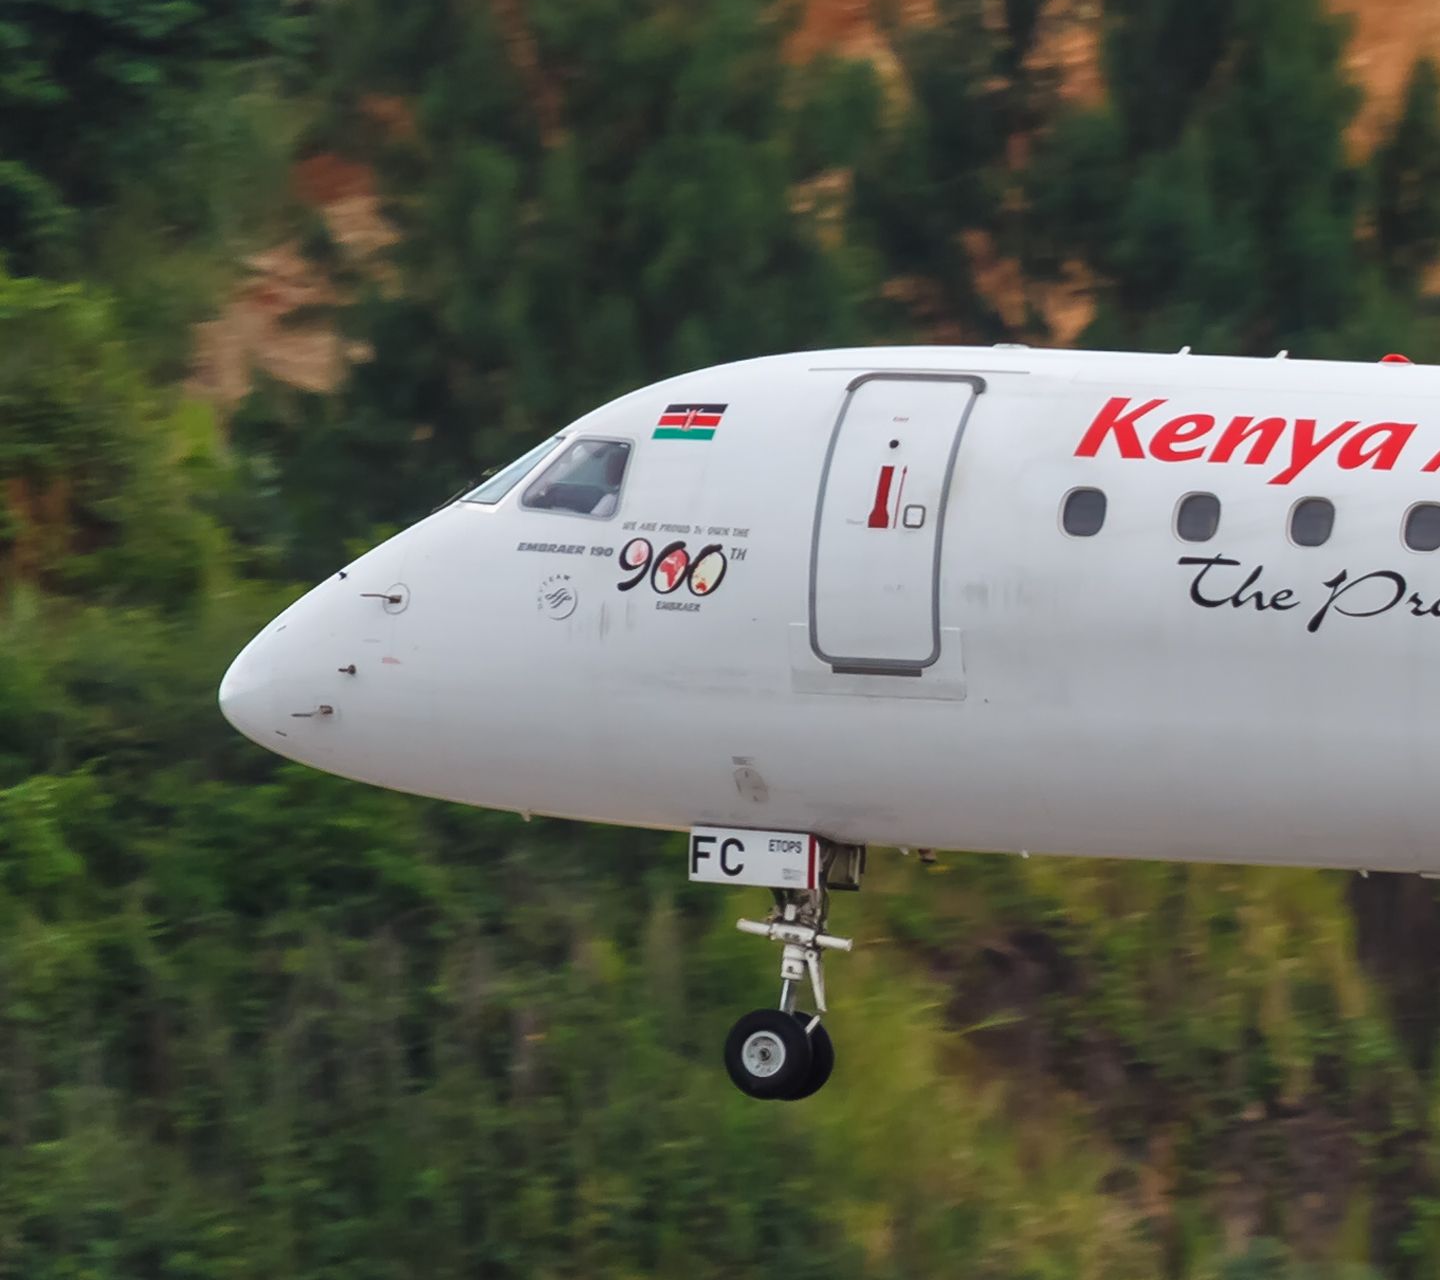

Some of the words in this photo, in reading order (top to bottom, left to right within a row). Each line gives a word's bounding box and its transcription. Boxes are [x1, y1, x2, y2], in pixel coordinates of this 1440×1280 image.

[1074, 397, 1417, 486] Kenya
[517, 542, 585, 556] EMBRAER
[590, 546, 614, 557] 190
[617, 537, 727, 597] 900
[730, 547, 747, 560] TH
[1178, 554, 1300, 611] The
[691, 835, 745, 877] FC
[768, 839, 802, 854] ETOPS

__________________________________________________

▸ **TASK TO CARRY OUT**:
Print every entry above again without changing a word, and omit the pictures.

▸ **SOLUTION TO THE PROBLEM**:
Some of the words in this photo, in reading order (top to bottom, left to right within a row). Each line gives a word's bounding box and its transcription. Boxes are [x1, y1, x2, y2], in pixel coordinates of this 1440×1280 image.

[1074, 397, 1417, 486] Kenya
[517, 542, 585, 556] EMBRAER
[590, 546, 614, 557] 190
[617, 537, 727, 597] 900
[730, 547, 747, 560] TH
[1178, 554, 1300, 611] The
[691, 835, 745, 877] FC
[768, 839, 802, 854] ETOPS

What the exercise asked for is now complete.